Each line of the data must be written out again verbatim; no image belongs in the copy.
--
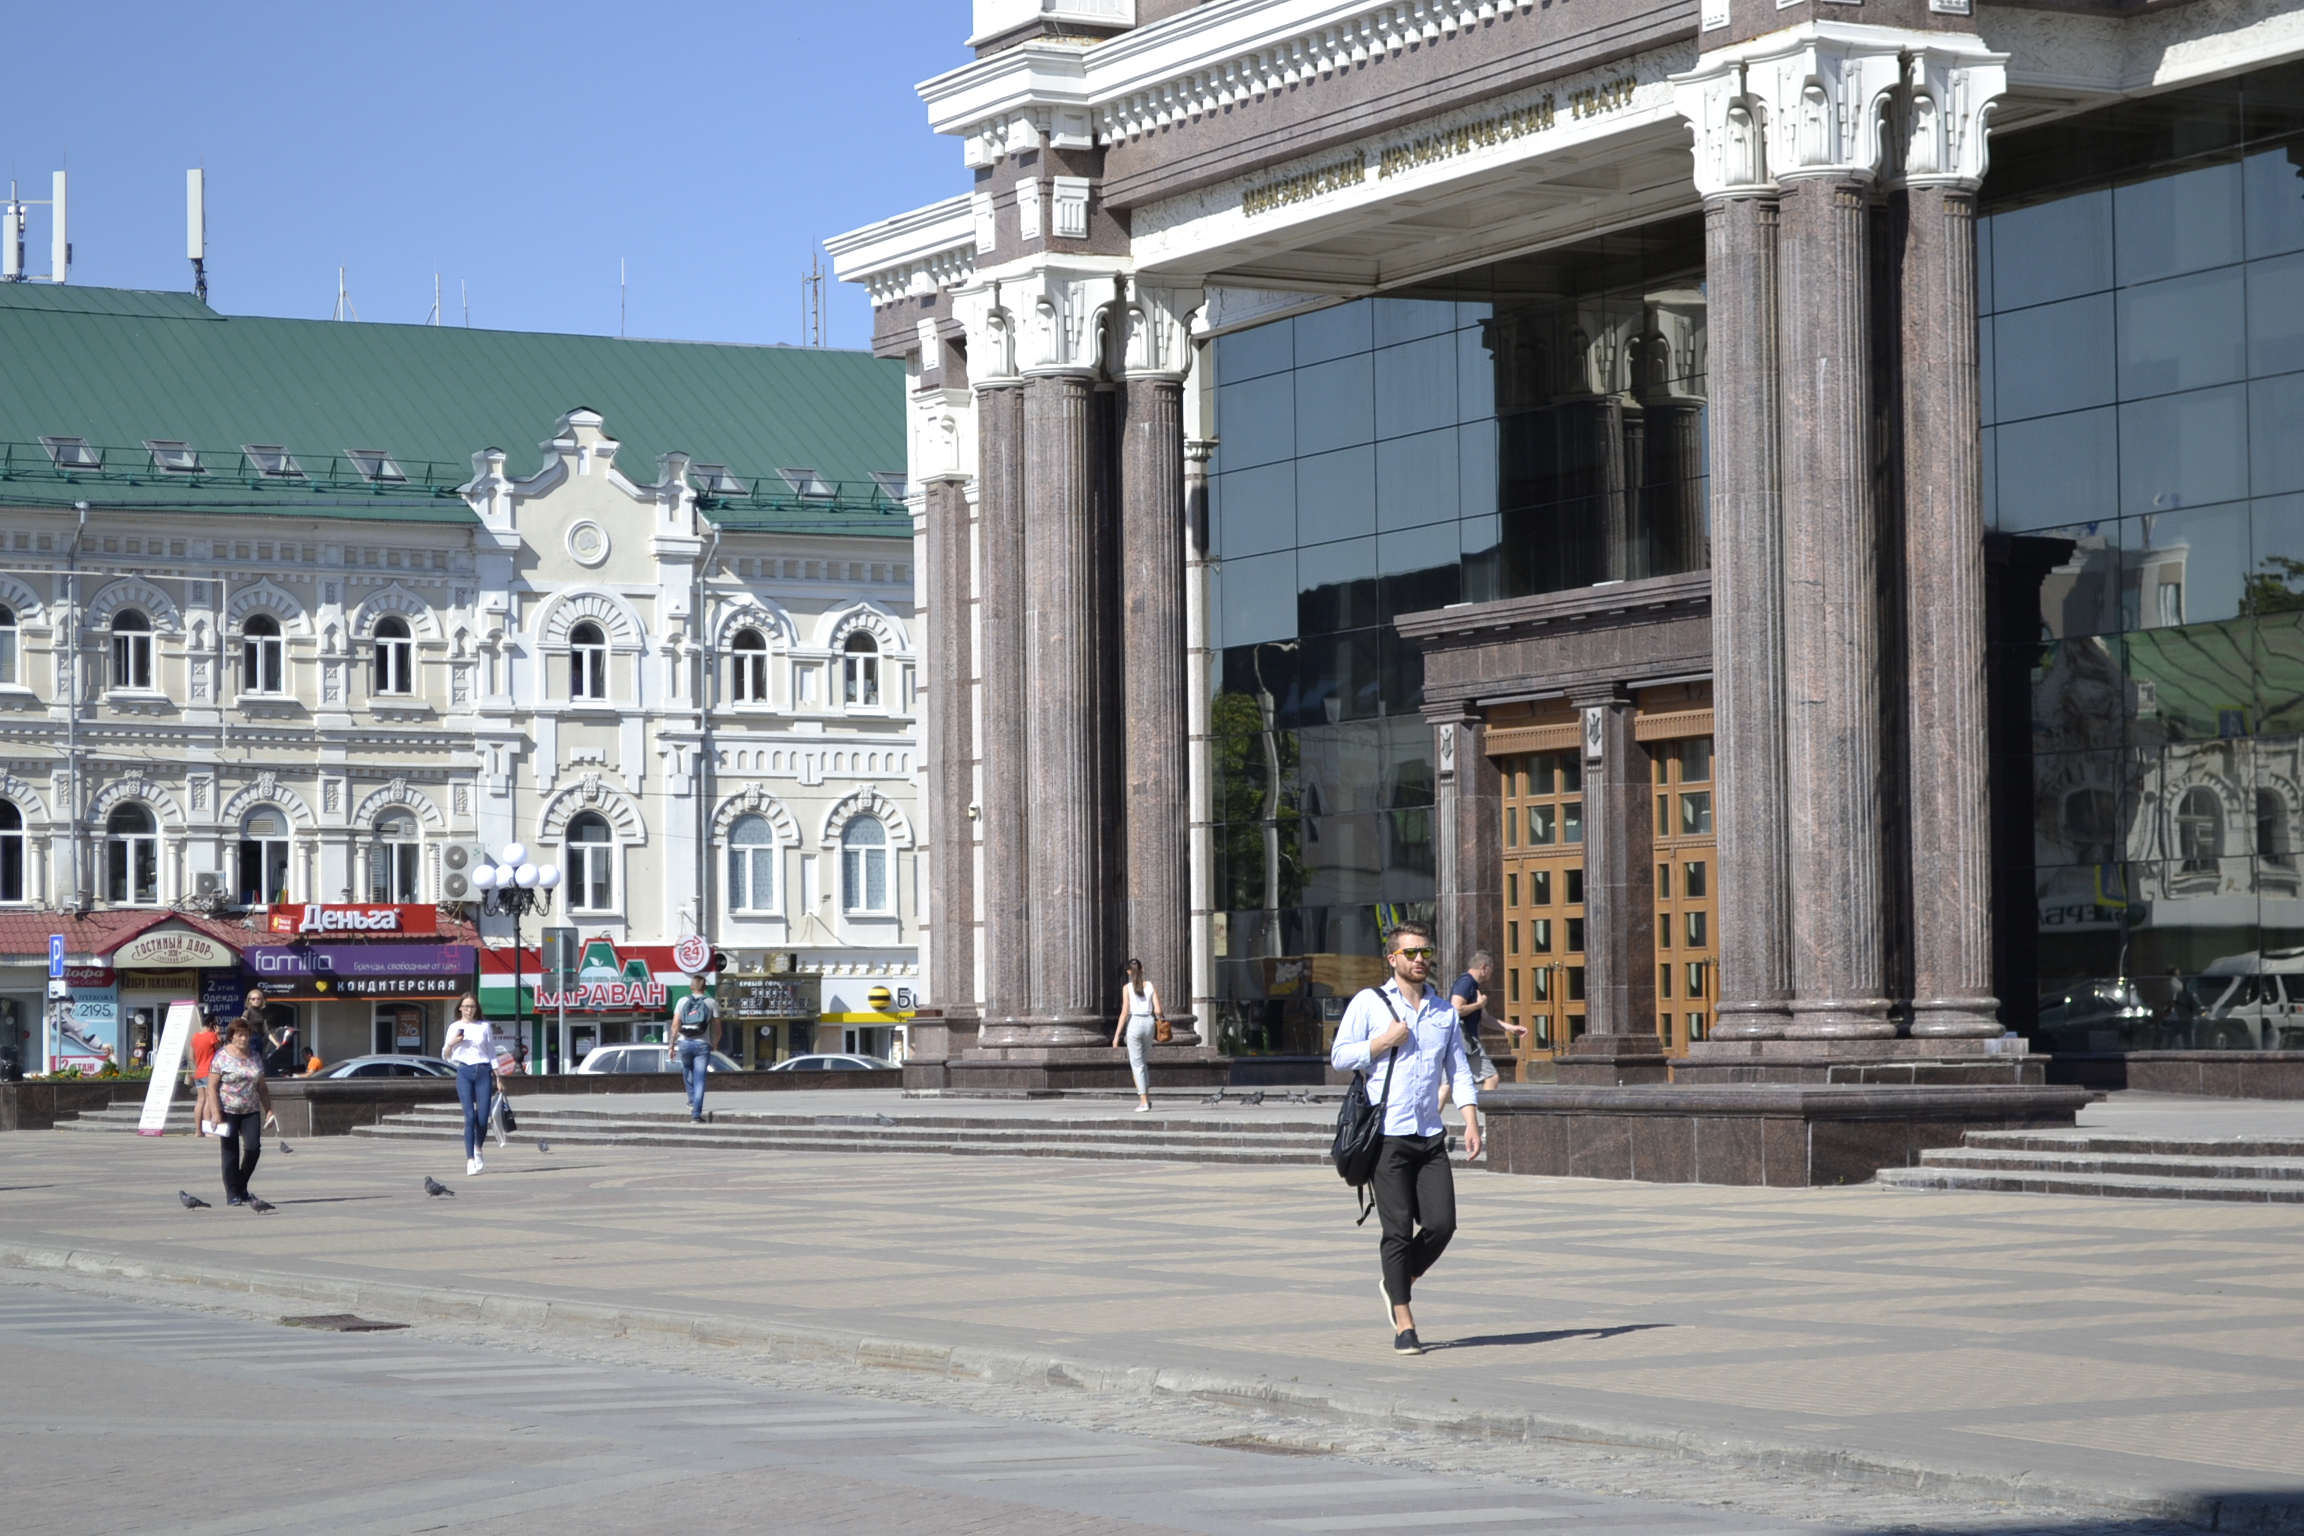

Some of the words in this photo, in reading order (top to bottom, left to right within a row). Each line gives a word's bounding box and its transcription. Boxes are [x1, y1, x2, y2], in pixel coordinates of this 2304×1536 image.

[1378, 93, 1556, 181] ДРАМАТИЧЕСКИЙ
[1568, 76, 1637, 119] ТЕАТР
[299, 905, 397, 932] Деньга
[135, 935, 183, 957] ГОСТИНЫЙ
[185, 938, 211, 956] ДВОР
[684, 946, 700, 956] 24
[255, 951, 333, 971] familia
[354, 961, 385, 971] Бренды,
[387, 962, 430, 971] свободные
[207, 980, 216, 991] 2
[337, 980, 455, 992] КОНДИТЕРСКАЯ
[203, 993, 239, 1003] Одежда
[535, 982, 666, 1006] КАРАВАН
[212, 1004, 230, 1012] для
--
__RESPONSE BELOW__.
Some of the words in this photo, in reading order (top to bottom, left to right within a row). Each line gives a word's bounding box and its transcription. Boxes are [x1, y1, x2, y2], in pixel coordinates of this 2304×1536 image.

[1378, 93, 1556, 181] ДРАМАТИЧЕСКИЙ
[1568, 76, 1637, 119] ТЕАТР
[299, 905, 397, 932] Деньга
[135, 935, 183, 957] ГОСТИНЫЙ
[185, 938, 211, 956] ДВОР
[684, 946, 700, 956] 24
[255, 951, 333, 971] familia
[354, 961, 385, 971] Бренды,
[387, 962, 430, 971] свободные
[207, 980, 216, 991] 2
[337, 980, 455, 992] КОНДИТЕРСКАЯ
[203, 993, 239, 1003] Одежда
[535, 982, 666, 1006] КАРАВАН
[212, 1004, 230, 1012] для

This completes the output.